Wednesday, February 14
I was expecting dramatic changes, quickly, but that hasn’t been happening. It’s probably because the site is so large, and the index is so large, that even a good week of crawling and indexing isn’t going to change very much. Crawl stats seem to indicate an upturn in pages per day – but it was already averaging over 1600. Also, the size of the index is growing slightly.
The slight increase is fine – I expected a decline, because I canonicalized URLs (which reduces the index size), allowed crawls into some NOINDEX pages (to cause them to drop out), and added the NOINDEX tag to more pages. Perhaps this slight increase meant that pages considered spam, due to duplication, were allowed back into the index.

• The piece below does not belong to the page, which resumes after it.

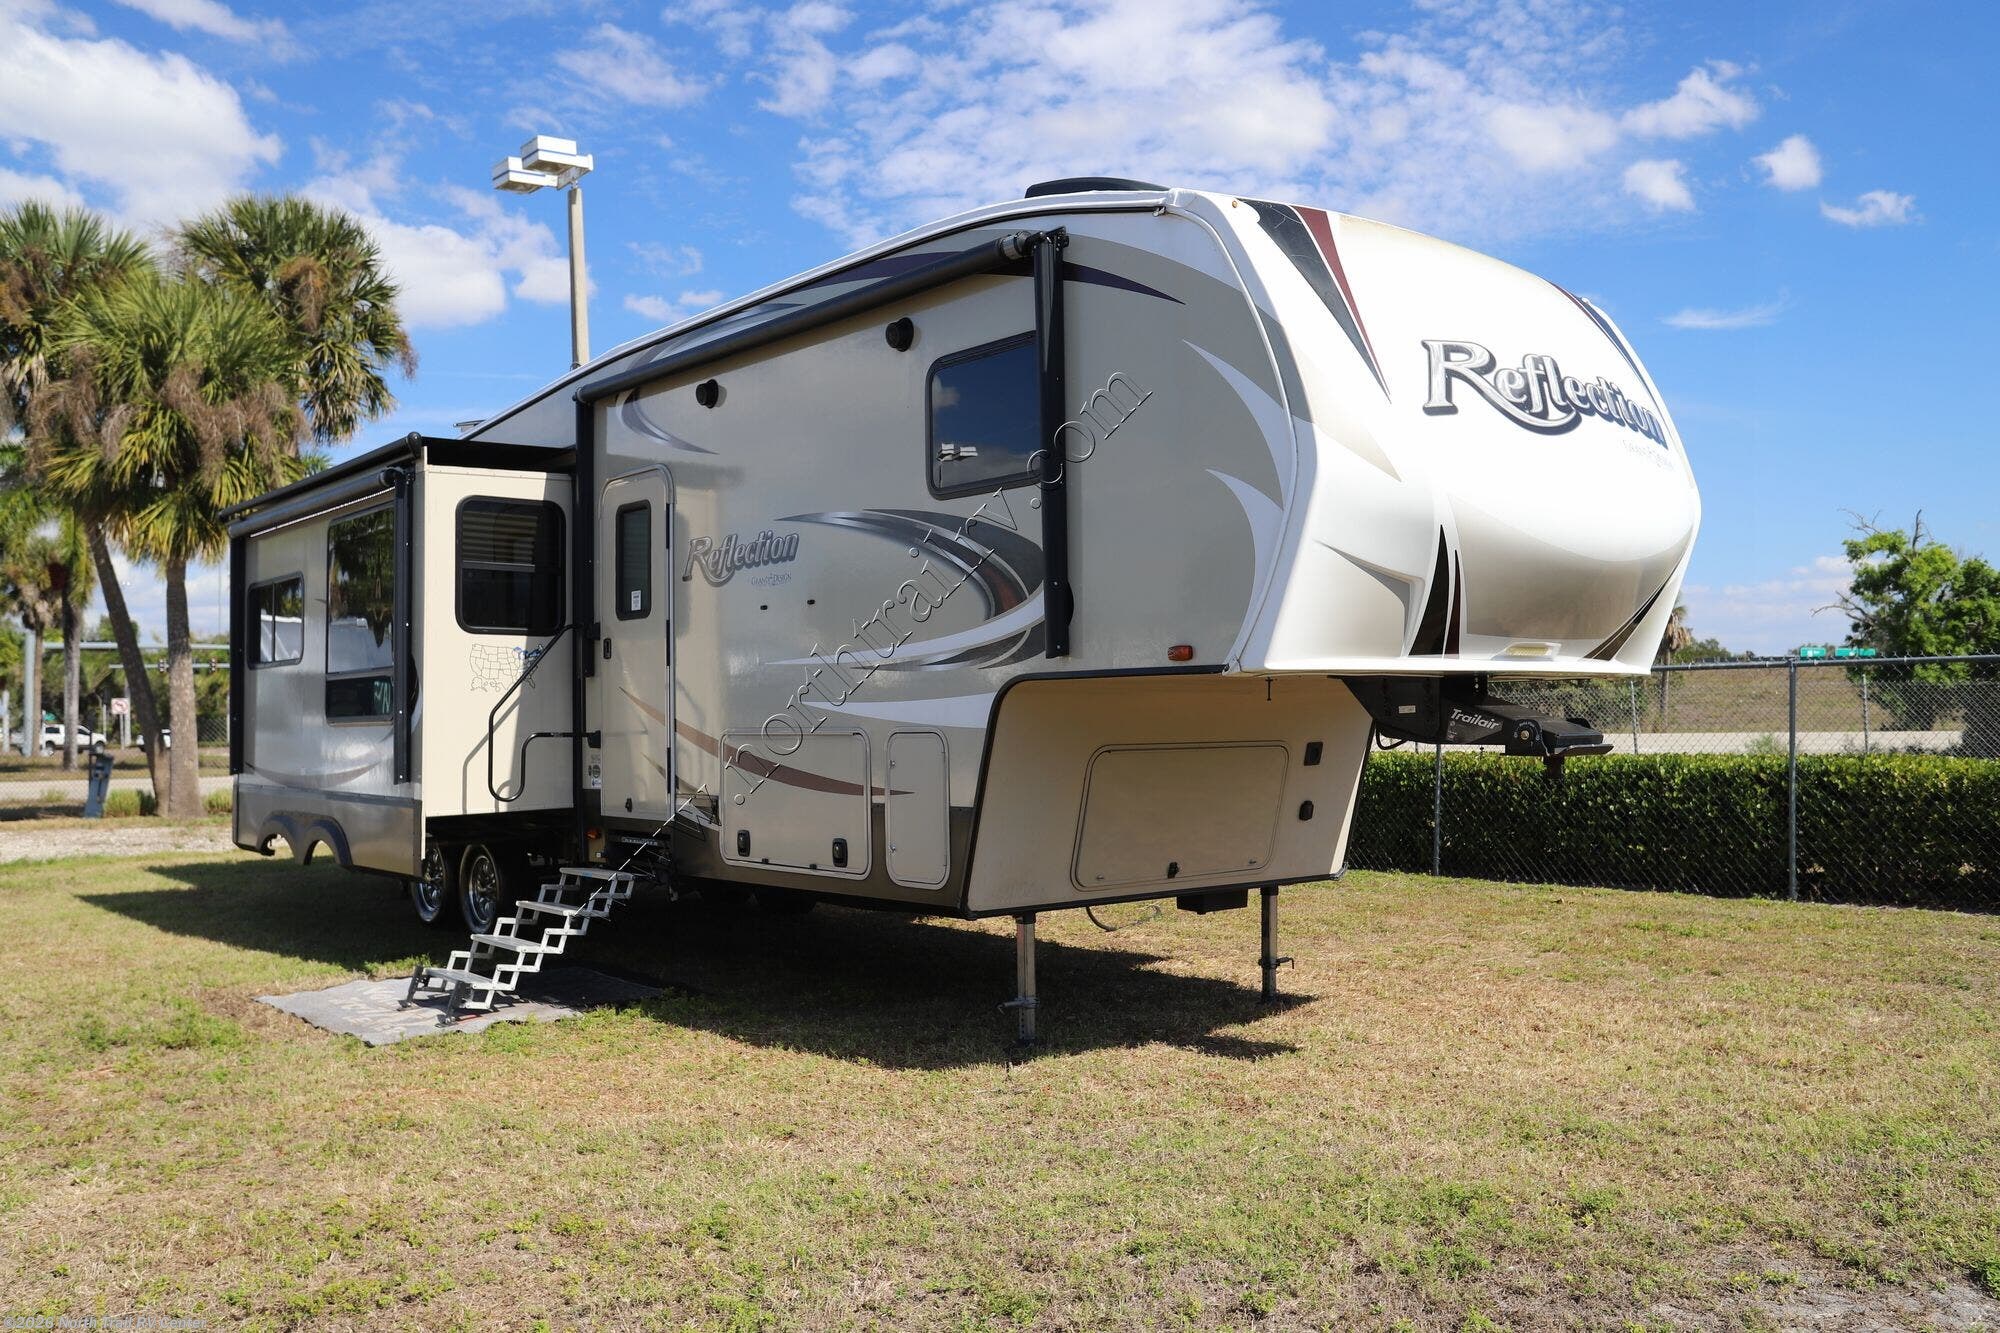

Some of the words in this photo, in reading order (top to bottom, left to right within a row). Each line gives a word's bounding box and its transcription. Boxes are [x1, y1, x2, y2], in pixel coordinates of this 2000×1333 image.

Making the JS App Search Friendly
I also implemented canonical url tags for the /js/ pages. This was an ugly hack, but it was interesting. The original JS app was a one-page app on an HTML page cranked out by a JS toolchain. It was the archetypal JS app, where the page delivers some markup and code, but all the content is retrieved from a server, and inserted into the page. To a search engine, all these pages look like one page. That’s not good for us: search engines want to scan the HEAD contents to look for the canonical URL and NOINDEX (and probably other things).
So, even for one-page JS apps, it seems like you need to have a page generated on the server side, to emit the correct meta information about the post.
As long as you’re generating the HEAD, you may as well deliver the entire page content as HTML, within the one-page app, so it can be scanned and previewed by sites like Facebook. As long as your delivering the entire page, you may as well generate the PHP page to a file on disk, so it’ll be delivered faster, without touching the database. Just like the rest of the site. (The IMC site is fast because every article renders PHP and HTML versions to disk. Download time averages 216ms on plain old disks.)
So much for the archetypal JS app!
Fixing the Calendar
What I did notice was that the more recent excluded pages report didn’t show many news article URLs, but did include many calendar URLs. So I worked on that a little bit.
The most glaring problem were URLs to edit and delete the calendar events. These had no effect, because they required a PIN to effect a change, but they had unique URLs that the spiders had crawled. Each event had links to “edit” and “delete”.
I changed those to FORMs, thinking they wouldn’t get crawled. The FORM tag can be used to submit a URL. Instead of a link, it displays a button. (It turns out the Google will crawl the forms with method=get.)
Then, I added NOINDEX to each of the form pages, and set the canonical url to it’s own URL, but without any parameters. (This required a little new programming.) These URLs should eventually drop out of the index.
Duck Duck Go
One of the collective members uses Duck Duck Go, so I started to look at those search results. I can’t see any patterns at this time, so I will need to read some articles about that website.